### Problem
When a picture appears in the listing, leave it out and copy the rest exactly as it stands.
● ● ●
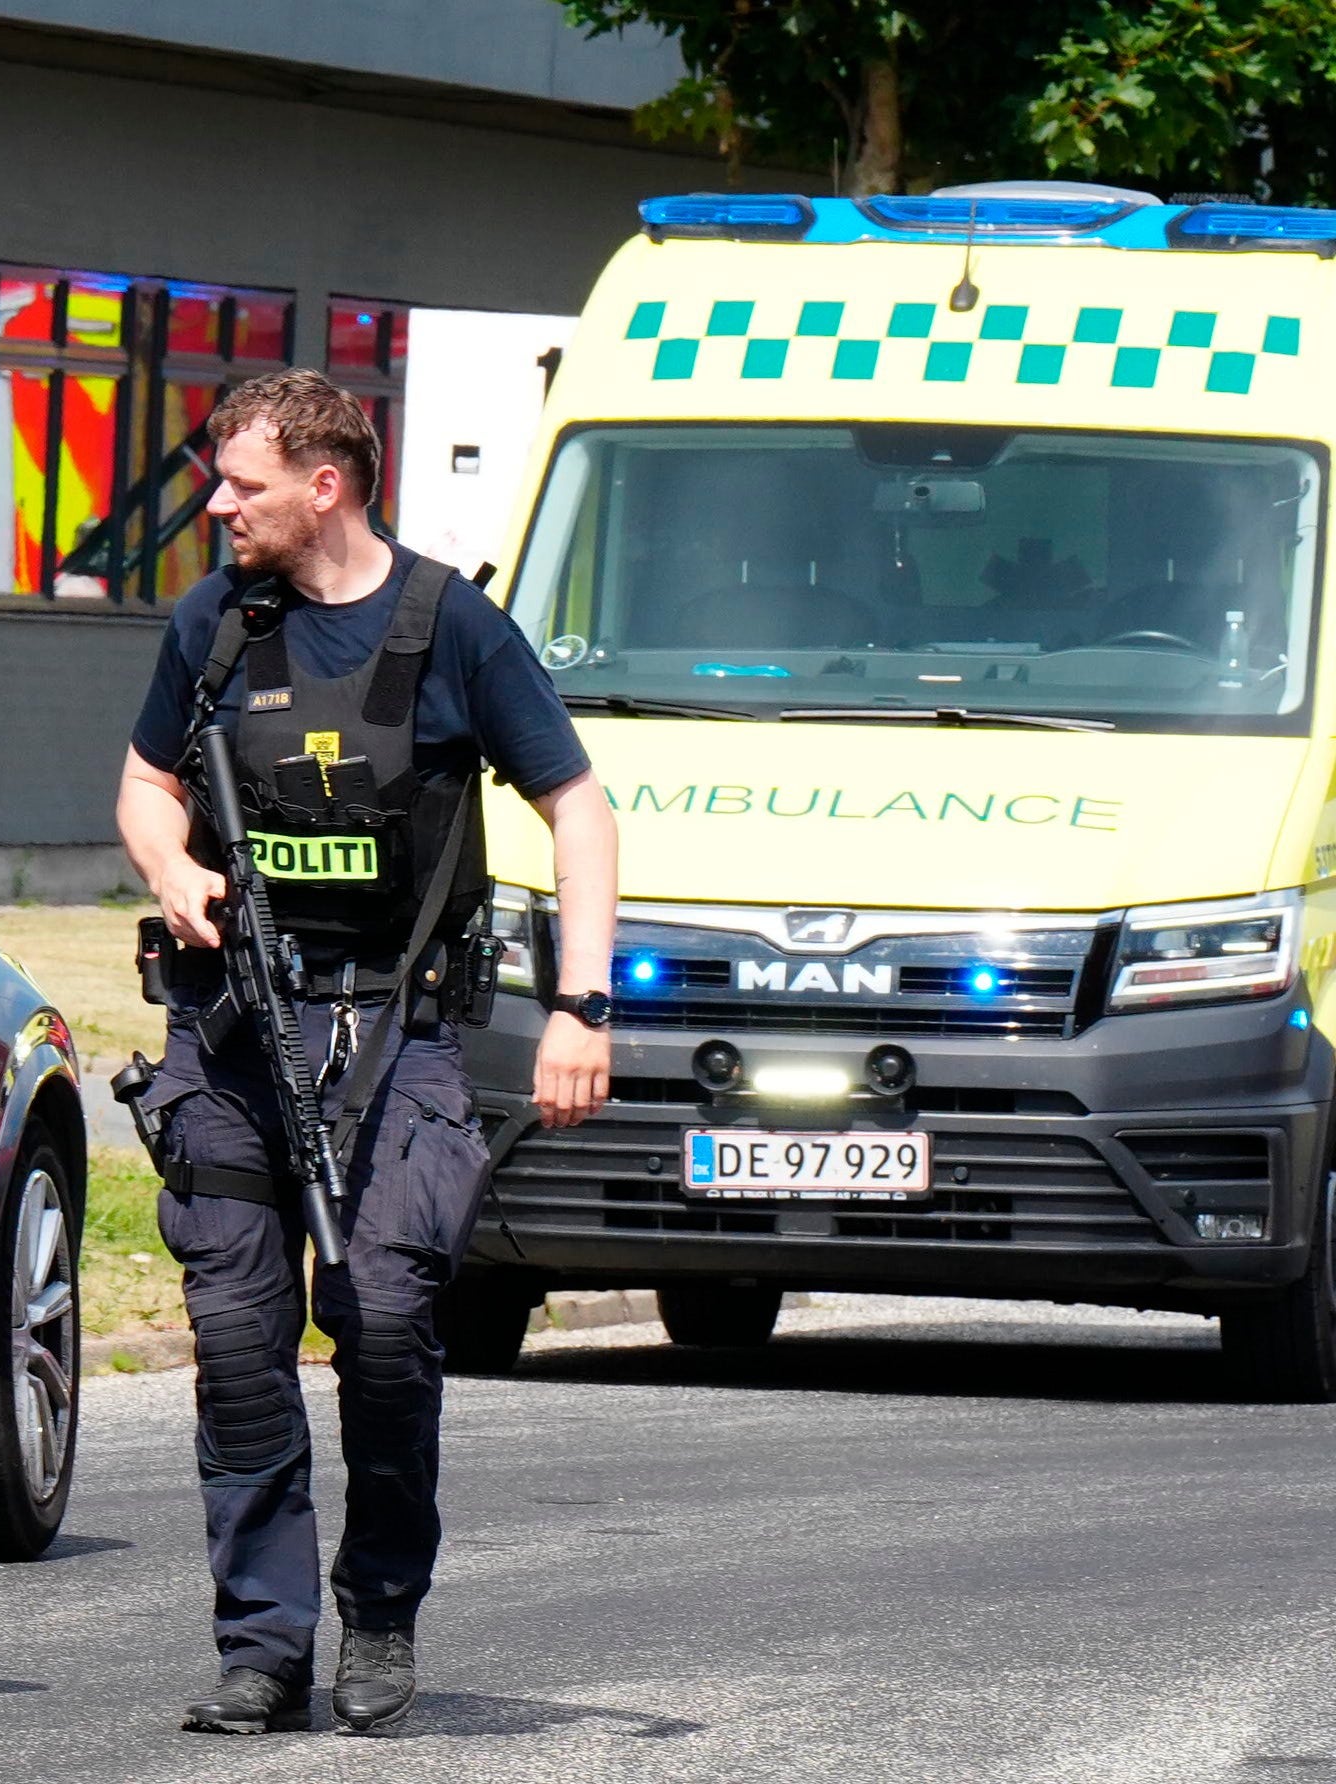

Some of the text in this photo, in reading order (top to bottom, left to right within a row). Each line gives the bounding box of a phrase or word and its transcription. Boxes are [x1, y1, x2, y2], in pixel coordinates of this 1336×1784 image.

[736, 959, 893, 994] MAN
[718, 1142, 918, 1180] DE 97 929
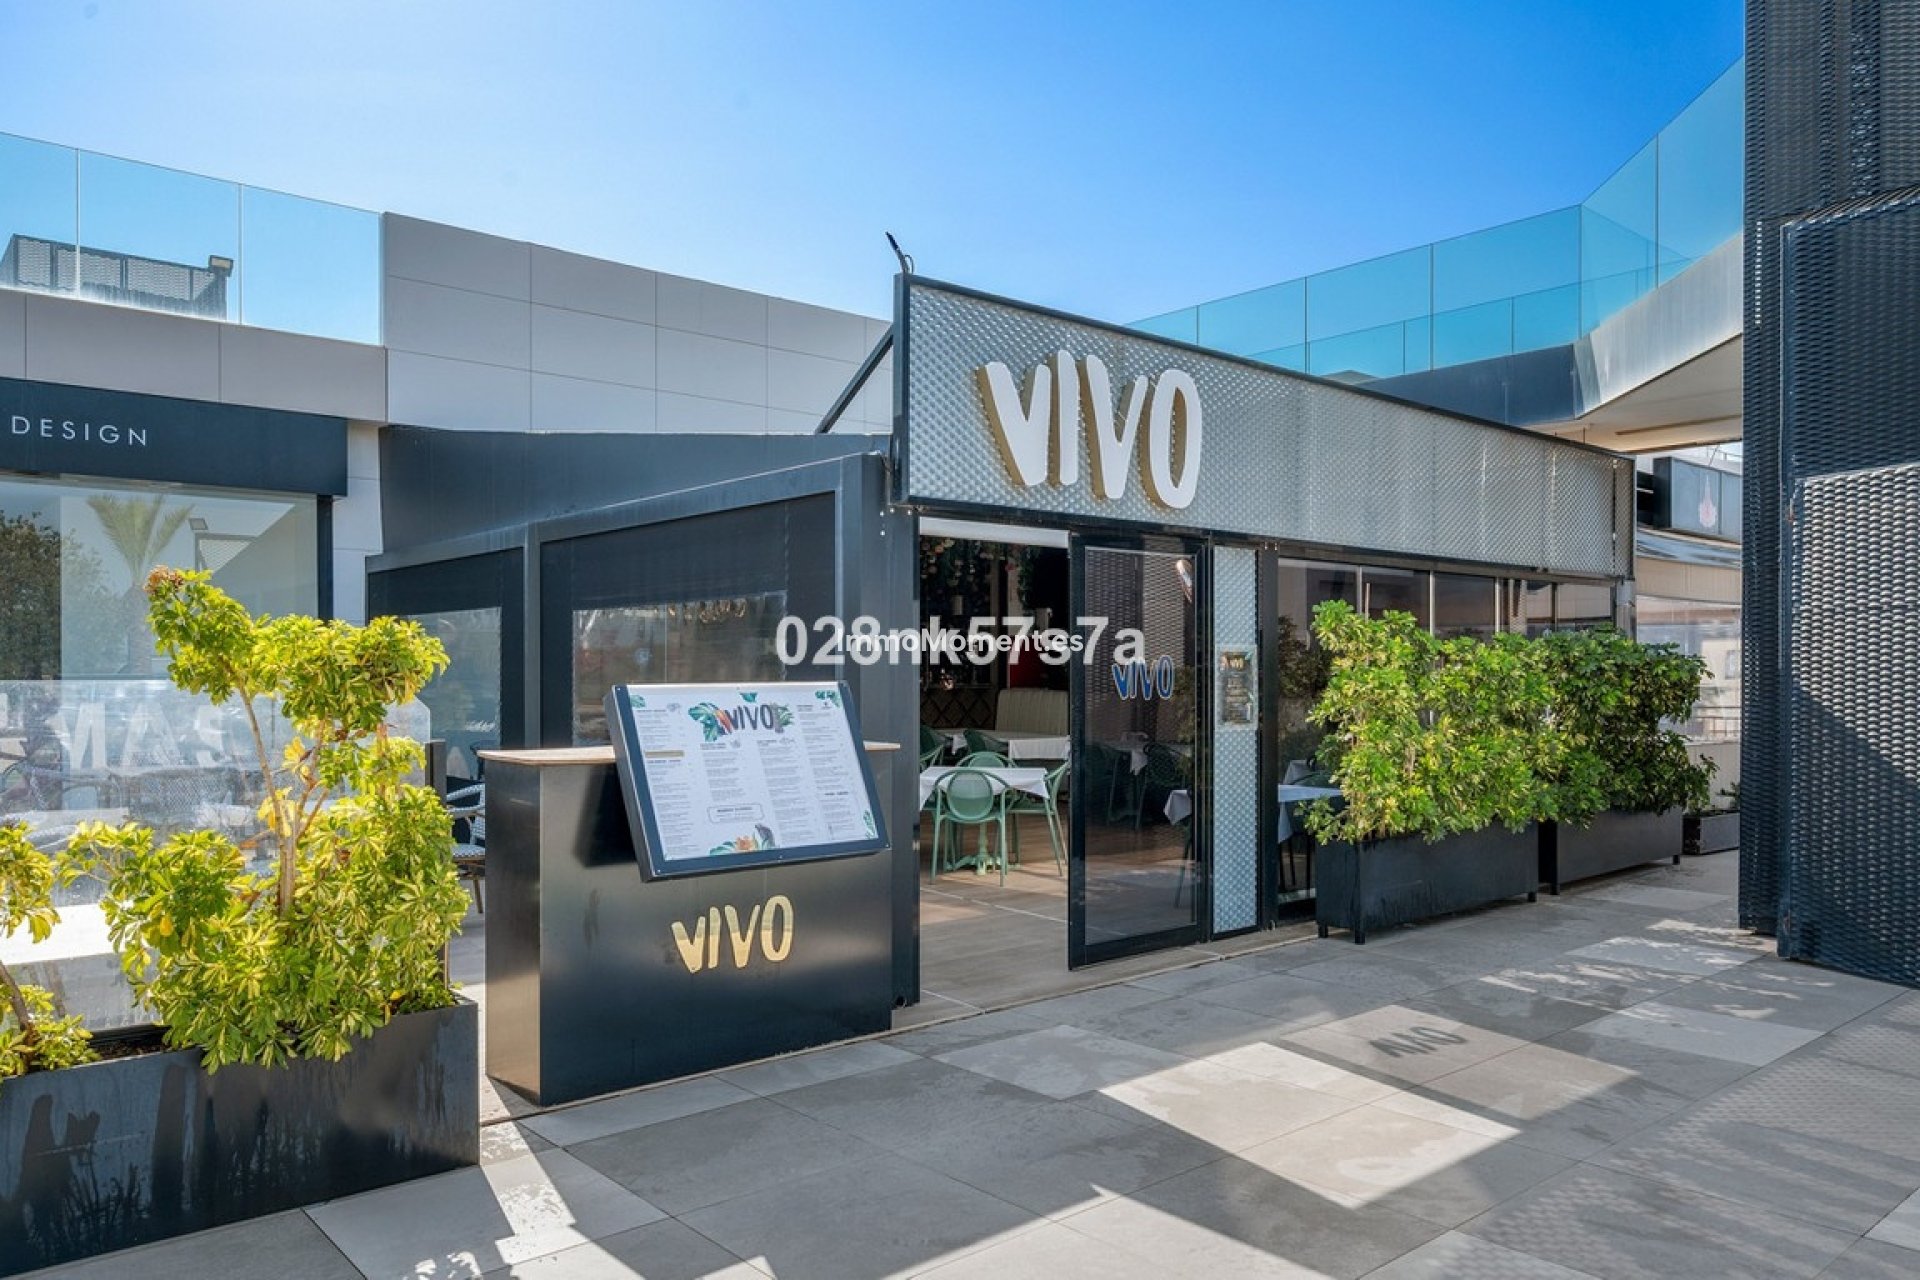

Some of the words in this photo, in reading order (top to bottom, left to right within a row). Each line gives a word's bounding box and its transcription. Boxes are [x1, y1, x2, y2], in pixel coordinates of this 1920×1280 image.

[11, 415, 147, 446] DESIGN
[985, 350, 1203, 509] VIVO
[1112, 655, 1174, 701] VIVO
[724, 704, 775, 731] VIVO
[671, 894, 794, 974] VIVO
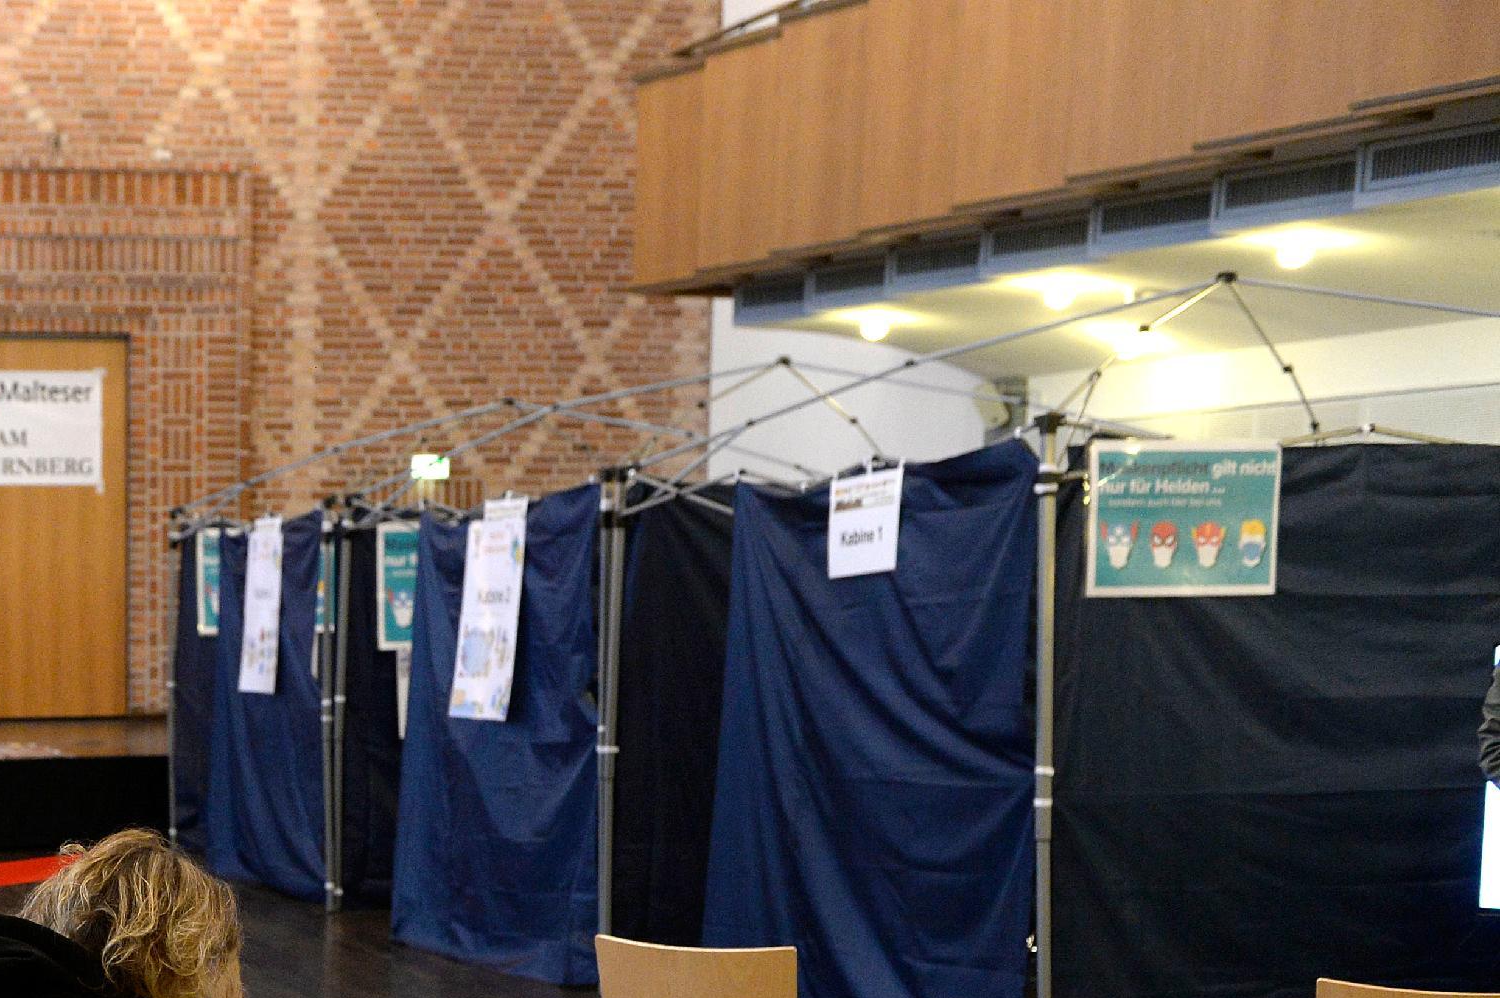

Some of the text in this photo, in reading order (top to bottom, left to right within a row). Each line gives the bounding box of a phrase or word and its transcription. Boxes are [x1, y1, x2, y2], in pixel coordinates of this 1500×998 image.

[1211, 458, 1237, 480] gilt
[1129, 477, 1150, 495] für
[1155, 478, 1211, 495] Helden
[840, 528, 875, 547] Kabine
● ● ●
### Output of the exercise
Some of the text in this photo, in reading order (top to bottom, left to right within a row). Each line gives the bounding box of a phrase or word and its transcription. Boxes are [x1, y1, x2, y2], in pixel coordinates of this 1336×1784 image.

[736, 959, 893, 994] MAN
[718, 1142, 918, 1180] DE 97 929

Some of the words in this photo, in reading order (top to bottom, left to right within a row). Each line gives a word's bounding box and its transcription. Boxes are [x1, y1, x2, y2], in pixel coordinates of this 1920×1280 image.

[11, 415, 147, 446] DESIGN
[985, 350, 1203, 509] VIVO
[1112, 655, 1174, 701] VIVO
[724, 704, 775, 731] VIVO
[671, 894, 794, 974] VIVO

Some of the text in this photo, in reading order (top to bottom, left to right within a row). Each line gives the bounding box of a phrase or word and its transcription. Boxes are [x1, y1, x2, y2], in pixel coordinates of this 1500×998 image.

[1211, 458, 1237, 480] gilt
[1129, 477, 1150, 495] für
[1155, 478, 1211, 495] Helden
[840, 528, 875, 547] Kabine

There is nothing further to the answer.